_ PART SEVEN. THE POPE
CHAPTER XV
Good Friday's Ministerial paper announced in its official column that late the night before the King, attended by the Minister of the Interior, had paid a surprise visit to the Mint, which was in the Via Fondamenta, a lane approached by way of the silent passage which leads to the lodging of the Canons of St. Peter's. Roma was puzzling over the inexplicable announcement, when old John, one of Rossi's pensioners, knocked at her door. His face and his lips were white, and when Roma offered him money he put it aside impatiently.
"You mustn't think a gold hammer can break the gate of heaven, Eccellenza," the old man said.
Then he told his story. The King had seen the Pope in secret the night before, and there was something going on about the Honourable Rossi. John knew it because his grandson had left Rome that morning for Chiasso, and another member of the secret police had started for Modane. If Donna Roma knew where the Honourable was to be found, she had better tell him not to return to Italy.
"Better be a wood-bird than a cage-bird, you know," the old man whispered.
Roma thanked him for his news, and then warned him of the risk he ran, being dependent on his grandson and his grandson's wife.
"That's nothing," he said, "nothing at all _now_."
Last night he had dreamed a dream. He thought he was a strong man again, with his children about him, and beholden to no one.

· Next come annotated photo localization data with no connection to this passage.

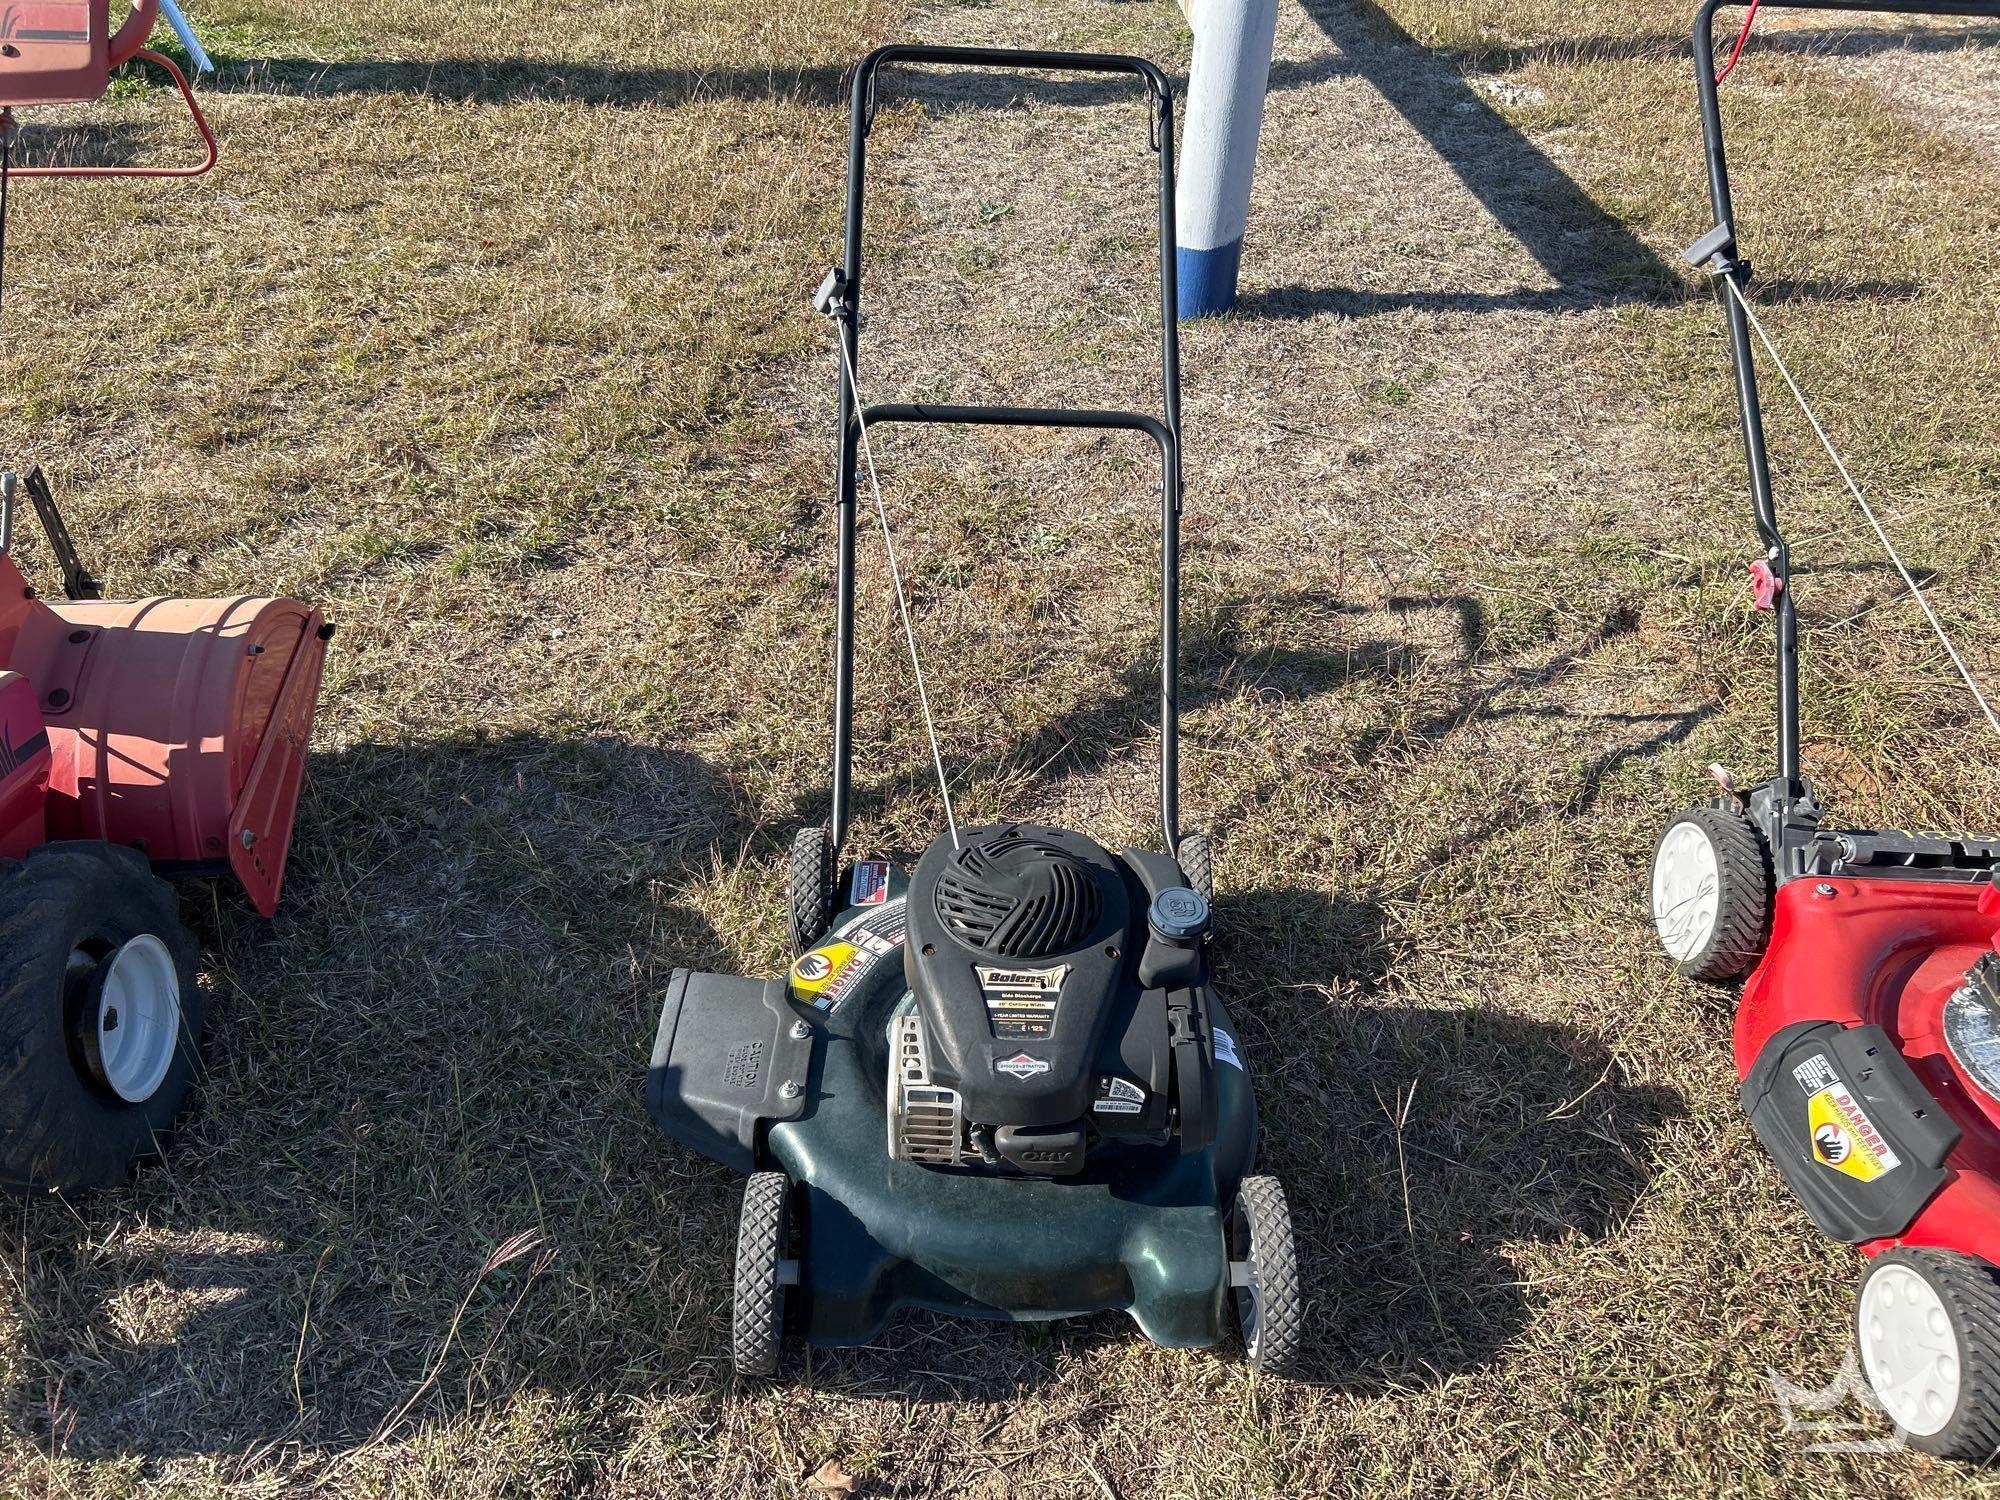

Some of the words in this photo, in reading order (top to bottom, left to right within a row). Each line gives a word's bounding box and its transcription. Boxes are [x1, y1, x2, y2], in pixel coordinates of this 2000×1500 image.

[822, 959, 863, 1001] DANGER
[988, 973, 1046, 984] Bolens
[744, 1043, 763, 1088] CAUTION
[1824, 1093, 1837, 1108] KEEP
[1834, 1106, 1851, 1128] HANDS
[1856, 1137, 1869, 1153] FEET
[1866, 1151, 1883, 1170] AWAY
[1836, 1094, 1888, 1157] DANGER
[1021, 1151, 1073, 1161] OHV

How happy he had been! But when he awoke, and found it was not true, and that he was old and feeble, he felt that he could hear it no longer.
"I'm in the way and taking the food of the children, so it can't last long, Eccellenza," he said in a tremulous voice, smiling with his toothless mouth, and nodding slightly as he went away.
In the uneasy depths of Roma's soul only one thing was now certain. Her husband was in danger, and he must not attempt to cross the frontier. Yet how was he to be prevented? The difficulty was enormous. If only Rossi had replied to her letter by telegram, as she had asked him to do, she might have found some means of communication. At length an idea occurred to her, and she sat down to write a letter.
"Dearest," she wrote, while her eyes shone with a kind of delirium and tears trickled down her cheeks, "I am very ill, and as you cannot come to me I must go to you. Don't think me too weak and womanish, after all my solemn promises to be so strong and brave. But I can only live by love, dearest, and your absence is more than I can bear. You will think I ought to be content with your letters, and certainly they have been very sweet and dear to me; but they are so few, and they come at such long intervals, and now they seem to have stopped altogether. Perhaps at the bottom of my selfish heart, too, I think your letters might be a wee bit more lover-like, but then men don't write real love letters, and nearly every woman would confess, if she told the truth, and she is a little disappointed in that regard.
"I know my husband has other things to think about, great things, high and noble aims and objects, but I am only a woman in spite of my loud pretences, and I must be loved, or I shall die. Not that I am afraid of dying, because I know that if I die I shall be with you in a moment, and this cruel separation will be at an end. But I want to live, and I'm certain I shall begin to feel better after I have passed a few moments at your side. So I shall pack up immediately and start away on the wings of the morning.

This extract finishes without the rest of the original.